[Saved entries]

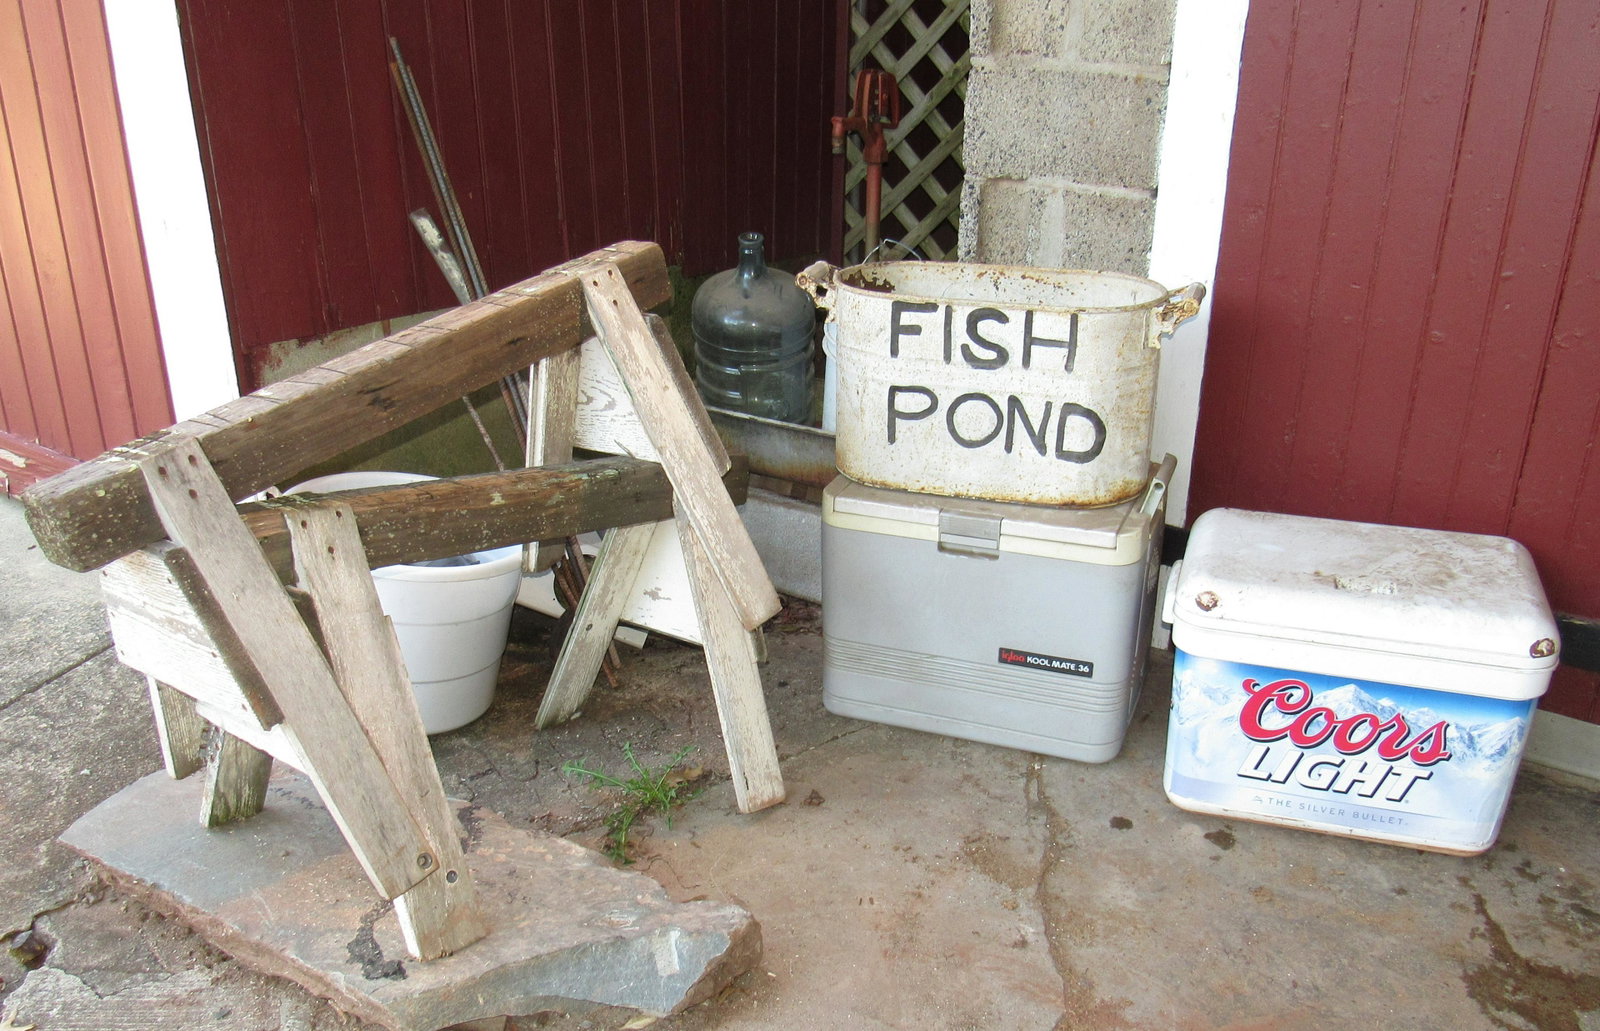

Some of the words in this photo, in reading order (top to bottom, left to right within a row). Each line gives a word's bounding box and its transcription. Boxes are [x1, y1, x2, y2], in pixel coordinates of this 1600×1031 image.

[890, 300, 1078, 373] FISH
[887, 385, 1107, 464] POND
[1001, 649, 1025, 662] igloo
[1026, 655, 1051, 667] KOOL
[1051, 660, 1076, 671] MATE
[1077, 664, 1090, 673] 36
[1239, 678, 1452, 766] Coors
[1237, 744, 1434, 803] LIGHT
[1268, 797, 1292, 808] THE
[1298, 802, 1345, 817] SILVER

* [What you have to do]
Copy out every entry above exactly. Leave the pictures out.

* [Answer space]
Some of the words in this photo, in reading order (top to bottom, left to right within a row). Each line gives a word's bounding box and its transcription. Boxes are [x1, y1, x2, y2], in pixel coordinates of this 1600×1031 image.

[890, 300, 1078, 373] FISH
[887, 385, 1107, 464] POND
[1001, 649, 1025, 662] igloo
[1026, 655, 1051, 667] KOOL
[1051, 660, 1076, 671] MATE
[1077, 664, 1090, 673] 36
[1239, 678, 1452, 766] Coors
[1237, 744, 1434, 803] LIGHT
[1268, 797, 1292, 808] THE
[1298, 802, 1345, 817] SILVER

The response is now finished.